La FEB y Chus Mateo siguen dando forma a ese proyecto que promete construir el futuro de la selección o, al menos, dotar al selccionador de las piezas para hacerlo. Esa gran idea de organizar un campus de entrenamientos para los jóvenes talentos que de alguna forma se están formando fuera de España (básicamente en Estados Unidos), y para otros que lo están haciendo en nuestro país, atraviesa este lunes su tercer día de vida, camino de un miércoles en el que vivirá su clausura.

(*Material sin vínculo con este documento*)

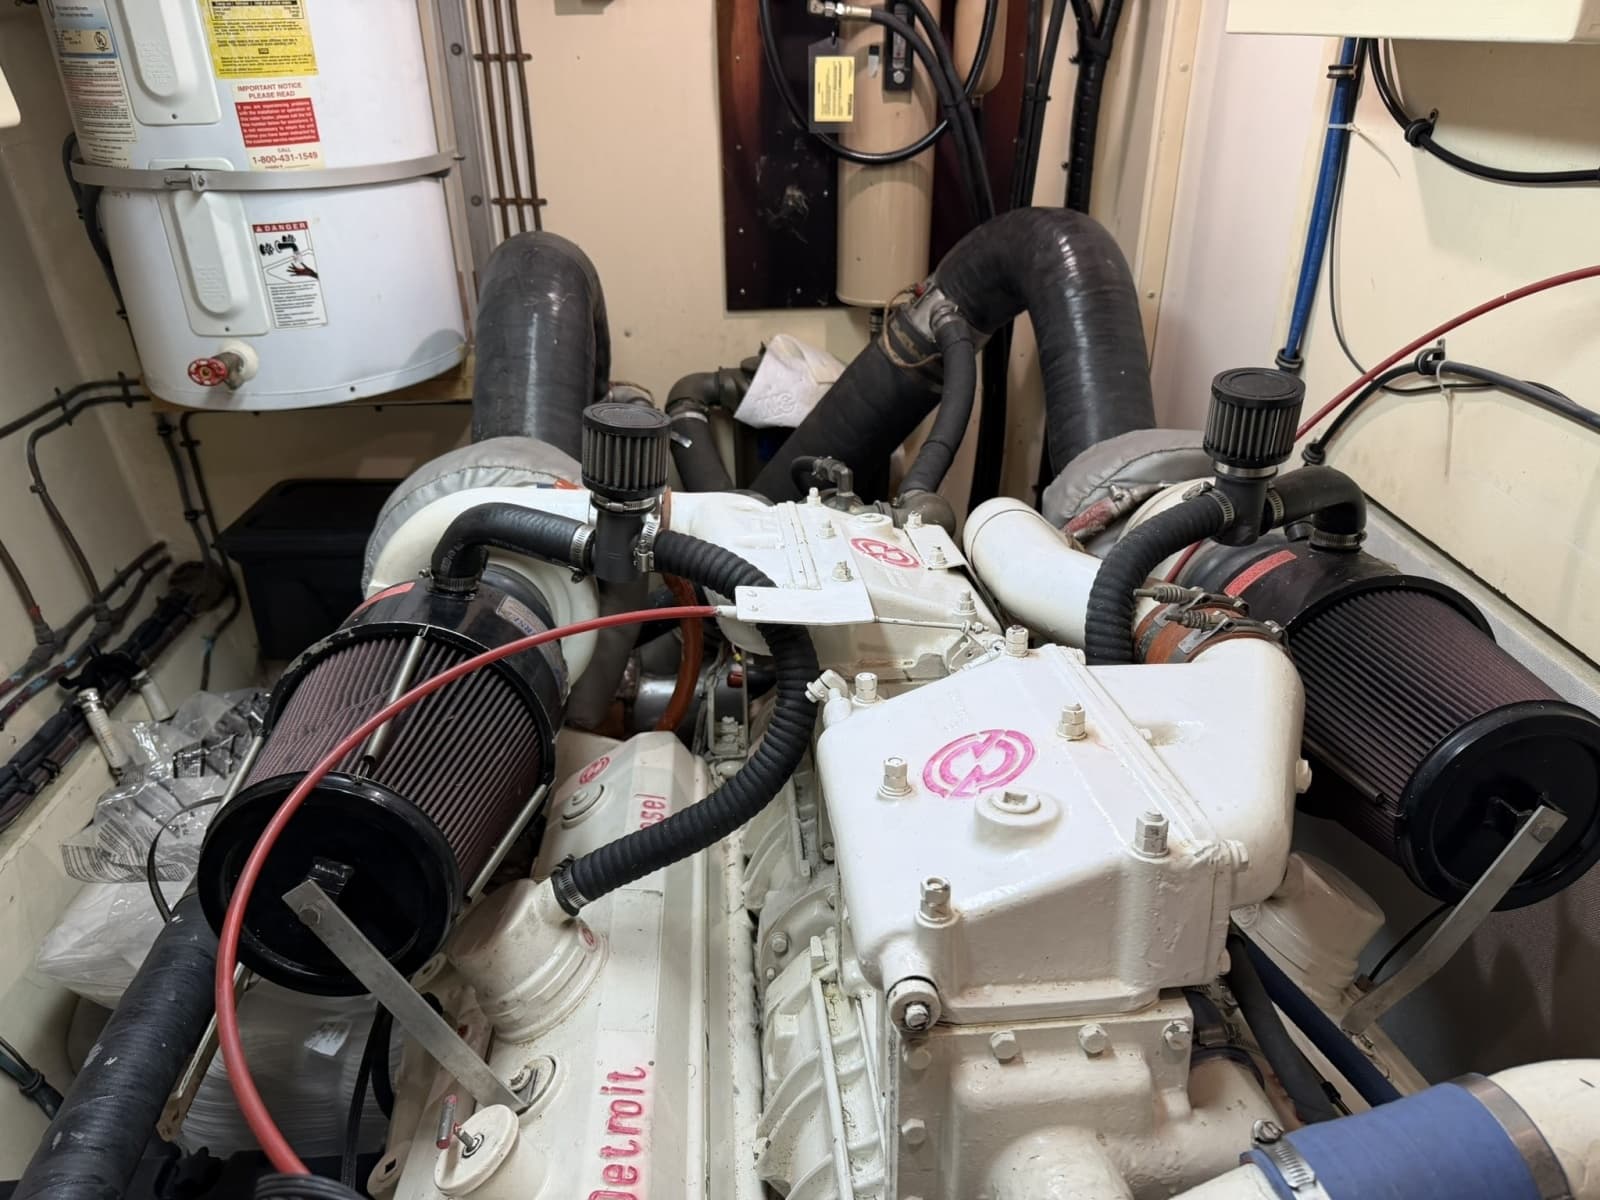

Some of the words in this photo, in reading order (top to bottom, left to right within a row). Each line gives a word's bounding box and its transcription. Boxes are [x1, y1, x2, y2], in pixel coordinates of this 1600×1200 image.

[237, 84, 276, 92] IMPORTANT
[278, 82, 302, 90] NOTICE
[276, 90, 296, 98] READ
[252, 152, 318, 164] 1-800-431-1549
[264, 222, 306, 232] DANGER

En pleno ecuador del programa, el seleccionador Chus Mateo quiso valorar ante los Medios de Comunicación el trabajo que se había estado haciendo y el que quedaba por hacer, y las pespectivas a corto y medio plazo de lo que allí se estaba realizando. La palabra satisfecho puede servir para resumir el estado en el que tanto Mateo como la FEB se sienten de esta primera experiencia. Habrá más, claro, en un futuro.
«Todo está yendo muy bien, la verdad», empezó analizar el seleccionador. «El objetivo que teníamos con esta concentración, que surgió a principio de este año, estaba en la necesidad de controlar a la gente que tenemos más lejos y a la que no podíamos acceder fácilmente. La idea surgió por parte de la federación y está realmente cumpliendo el objetivo que pretendía, que era verles, tenerlos controlados, tenerlos bajo el radar, viendo un poco su evolución, su forma de entrenar, su educación deportiva allí también, y si en algún caso hay algún jugador que realmente podamos pensar que a futuro o pronto pueda formar parte de la selección nacional absoluta».

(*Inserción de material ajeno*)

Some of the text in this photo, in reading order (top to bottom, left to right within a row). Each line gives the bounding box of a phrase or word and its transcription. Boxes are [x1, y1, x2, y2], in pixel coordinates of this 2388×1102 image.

Chus Mateo habló de lo más destacado de la convivencia que, hasta este tercer día, habían tenido: «Están percibiendo un poco el cariño de la Federación al traerles aquí, están sintiéndose una selección más, que no va a competir contra ningún otro rival pero sí que están sintiendo, como digo, que no les queremos olvidar, aunque estén lejos, y que estamos poniendo todo de nuestra parte para que ellos sientan el calor de la Federación, la cercanía y el cariño. Ellos lo devuelven con el esfuerzo, no vamos a ver ningún resultado aquí a nivel de marcador, pero sí estamos viendo un buen resultado en el sentido de conocimiento, ellos por su parte también nos conocen, ven nuestra forma de trabajar y nosotros conocemos cómo trabaja cada uno de ellos».
Mucho de los jugadores que están a las órdenes del equipo técnico de Chus Mateo se han formado en España, pero en las últimas temporadas dieron el salto a otros baloncestos y otras culturas. Ahora toca dar forma a los jugadores que quiere el seleccionador: «Yo creo que hay una base muy buena de lo que es la formación en España. La formación en España de la mayoría de estos chicos es muy completa, y eso es siempre lo resalto. Gracias a los entrenadores españoles al nivel que hay en la base, es muy bueno y les han podido dar ciertos hábitos de trabajo. Algunos han tenido más suerte que otros a nivel de minutos, algunos están en su primer año, otros están en su último año y eso también requiere que nosotros entendamos que no todos están al mismo nivel de madurez deportiva pero sí que es verdad que te llevas gratas sorpresas de ver cómo alguno de ellos ha evolucionado».
En poco más de mes y medio, la selección con Chus Mateo al frente afrontará unas nuevas Ventanas de clasificación de cara al Mundial de Qatar de 2027. ¿Se llevará el premio alguno de estos jugadores en forma de convocatoria para la absoluta?
«Tenemos que valorar un poco a todos los jugadores que ahora mismo estamos manejando en una lista de posibles candidatos a esta ventana, quiénes finalmente van a poder estar o no, por compromisos profesionales, por situaciones de futuro que en un momento determinado pueden impedir que formen parte de la selección«
«Al fin y al cabo, lo que tenemos que barajar es toda esta pléyade de jugadores que ahora mismo aparecen en un nuevo escenario. Y tenemos que barajar la posibilidad de que cualquiera de estos también pueda ser, en un momento determinado, llamado por el seleccionador para formar parte de la absoluta. Así que, bueno, se amplía un poco ese abanico que hemos tenido en estas dos primeras ventanas, que era muy reducido, pues ahora se amplía y hay que hilar fino y saber las circunstancias de cada uno».
La FEB y el seleccionador siguen con el proyecto de monitorear a cada posible candidato a ser seleccionable. La mayoría lo han sido en categorías de formación pero, el paso a la absoluta, es el más peliagudo de todos. Y para eso, los dirigentes de la selección decidieron extender lo más posible su radar. Visitarlos en sus lugares de entrenamiento y juego durante la temporada fue una de las opciones. Traerlos para que entrenen juntos y convivan con las sensaciones de la FEB, es otra. Y todas ellas están encaminadas a construir el futuro de la selección.